Request Correlation IDs
Every inbound request now receives a unique correlation ID (or uses one from the X-Correlation-Id header if provided). This ID propagates through all downstream service calls and appears in every structured log entry. When debugging a failed request, searching Seq for the correlation ID shows the complete request lifecycle across ApiGateway, IdentityService, ProductCatalogService, and any workers that processed related events.
Performance
Response caching at the API gateway cut product catalog response times dramatically for repeat queries. GET requests to catalog listing endpoints are cached with a 30-second TTL, keyed by the full URL including query parameters.

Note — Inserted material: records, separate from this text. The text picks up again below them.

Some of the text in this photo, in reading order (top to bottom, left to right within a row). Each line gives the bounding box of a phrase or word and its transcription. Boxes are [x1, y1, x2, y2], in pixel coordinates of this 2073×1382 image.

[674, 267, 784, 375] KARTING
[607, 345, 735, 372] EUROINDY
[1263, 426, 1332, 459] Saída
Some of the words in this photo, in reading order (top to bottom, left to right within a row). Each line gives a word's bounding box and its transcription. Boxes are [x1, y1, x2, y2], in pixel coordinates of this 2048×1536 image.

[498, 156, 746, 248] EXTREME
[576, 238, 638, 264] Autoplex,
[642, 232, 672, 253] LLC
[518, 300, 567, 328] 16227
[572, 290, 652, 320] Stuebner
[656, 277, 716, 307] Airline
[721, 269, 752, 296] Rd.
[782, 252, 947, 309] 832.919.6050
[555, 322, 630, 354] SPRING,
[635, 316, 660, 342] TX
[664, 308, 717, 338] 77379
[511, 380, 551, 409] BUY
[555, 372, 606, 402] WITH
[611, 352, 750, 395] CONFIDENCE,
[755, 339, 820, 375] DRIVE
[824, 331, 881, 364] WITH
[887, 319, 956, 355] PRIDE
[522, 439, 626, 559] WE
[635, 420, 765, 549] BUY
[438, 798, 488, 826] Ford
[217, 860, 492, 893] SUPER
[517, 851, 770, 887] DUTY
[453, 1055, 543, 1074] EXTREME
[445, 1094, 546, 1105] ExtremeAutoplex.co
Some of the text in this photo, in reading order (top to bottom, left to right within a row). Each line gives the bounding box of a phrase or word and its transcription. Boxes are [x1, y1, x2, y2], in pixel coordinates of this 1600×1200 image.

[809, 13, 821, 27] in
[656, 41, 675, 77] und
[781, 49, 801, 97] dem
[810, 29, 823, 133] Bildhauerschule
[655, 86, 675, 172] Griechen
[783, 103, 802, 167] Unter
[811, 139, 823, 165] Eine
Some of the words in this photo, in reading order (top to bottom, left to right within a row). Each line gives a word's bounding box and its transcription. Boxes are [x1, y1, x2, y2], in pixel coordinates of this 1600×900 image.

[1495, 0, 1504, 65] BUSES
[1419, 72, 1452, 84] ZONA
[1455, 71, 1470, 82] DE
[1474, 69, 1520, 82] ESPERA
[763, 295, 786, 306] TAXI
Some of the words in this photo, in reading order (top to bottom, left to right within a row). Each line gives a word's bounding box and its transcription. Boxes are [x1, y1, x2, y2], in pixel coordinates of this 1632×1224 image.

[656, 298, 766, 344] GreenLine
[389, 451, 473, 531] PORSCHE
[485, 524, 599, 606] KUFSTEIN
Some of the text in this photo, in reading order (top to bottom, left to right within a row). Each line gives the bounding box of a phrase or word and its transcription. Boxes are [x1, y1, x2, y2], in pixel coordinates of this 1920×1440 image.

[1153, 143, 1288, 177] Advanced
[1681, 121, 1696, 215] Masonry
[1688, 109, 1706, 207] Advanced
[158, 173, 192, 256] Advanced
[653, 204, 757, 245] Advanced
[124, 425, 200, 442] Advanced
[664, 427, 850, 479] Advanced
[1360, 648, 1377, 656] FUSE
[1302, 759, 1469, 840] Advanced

Benchmarks (10,000 product dataset, p99 latency):
| Endpoint | Before | After | Improvement |
|---|---|---|---|
GET /api/catalog/products | 120ms | 8ms | 15x faster |
GET /api/catalog/products?category=X | 85ms | 6ms | 14x faster |
GET /api/catalog/products/{id} | 25ms | 4ms | 6x faster |
Cache invalidation happens via webhook: when ProductCatalogService processes a write operation (create, update, delete), it sends a cache-bust signal to the gateway. The gateway evicts matching entries, and the next read gets fresh data. Product detail pages use a shorter 5-second TTL since individual product information is more sensitive to staleness.
Fixes
Token Refresh Race Condition
The most critical fix this week. During load testing with realistic browser behavior (multiple tabs, concurrent API calls), users were getting randomly logged out. Investigation revealed a race condition in the gateway’s token refresh logic.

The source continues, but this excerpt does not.